Indeed, the Durban Conference was not infected by anti-Semitism, and this accusation was a planned part of a cynical counter-attack by Israel and its allies throughout the world, in order to avoid providing a response to the serious accusations of racism. The head of the Jewish community in France at the time, Roger Cukierman, announced in an interview to the Israeli press that to confront the serious international criticism in light of the destruction and murder in the OPT (what was later dubbed “Operation Defensive Shield”), there existed a need to shift the debate, to move the accusation to the other side: what is easier than the accusation of anti-Semitism, half a century after the genocide of European Jewry by the Nazis?
In order to ground the accusation of anti-Semitism in a situation where no factual basis for such a charge existed, the advocates for Israel had to invent a new trick of rhetoric, dubbed semantic slippage: if, for example, someone says that the Israeli military is committing war crimes in Jenin—a legitimate contention—then the argument against this accusation is that what the accuser actually intended to say is that the Jews are a cruel people and the Nazis were correct in their policy of genocide against them.

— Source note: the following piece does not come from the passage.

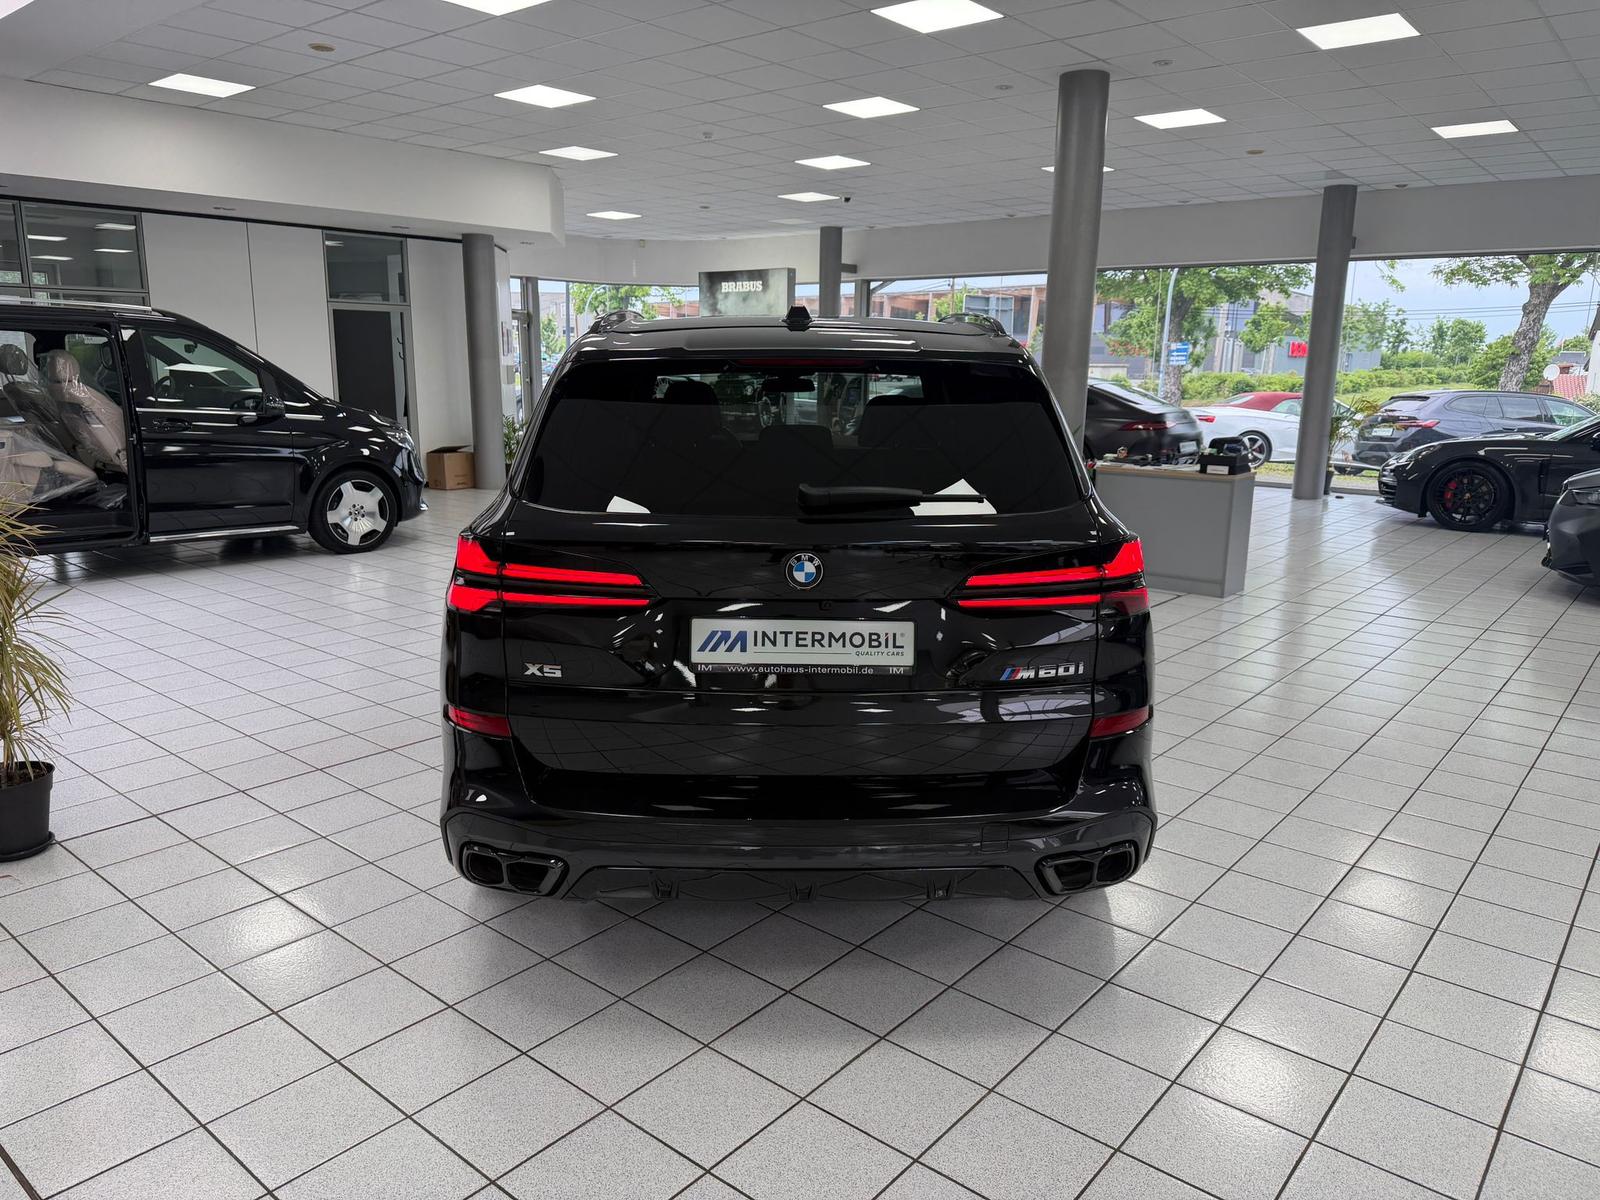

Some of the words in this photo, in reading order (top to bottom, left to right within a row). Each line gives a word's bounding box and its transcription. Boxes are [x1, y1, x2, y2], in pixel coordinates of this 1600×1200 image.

In this sense, the Durban Conference was portrayed in the propaganda of the supporters of Israel’s policies, as a type of Nuremberg number two, where all its enemies planned a second Shoah against the Jewish people. In the context of the Durban Conference, the relatively new concept of “the new anti-Semitism” was created, an anti-Semitism of the Left which is portrayed as several times more dangerous than the anti-Semitism of the Right and the neo-Nazis, the forefathers of whom, lest we forget, were responsible for the slaughter of six million Jews less than 70 years ago.
The boycott of the international conference against racism by Israel and the United States is an admission, a testimony to their inability to respond to the numerous contentions of violating international conventions concerning race and apartheid. However, this boycott also contains something more serious: a state which claims to speak for the remainder of a people who suffered throughout history, more than any other people, from racism and xenophobia, and decides to boycott a UN convention against racism, is essentially spitting in the grave of the six million Jewish victims of the Nazi genocide, and loses all legitimacy to speak in their name.
If the Israeli establishment has decided to be absent from the upcoming World Conference against Racism, then the organizations fighting against racism in all its forms in Israel, must be in Durban, at the NGO gathering to be held in parallel to the state conference, and to say loudly and clearly: the struggle against racism is one, and our opposition to any form of discrimination begins here at home. This is just and only thus do we possess a moral justification to fight against anti-Semitism.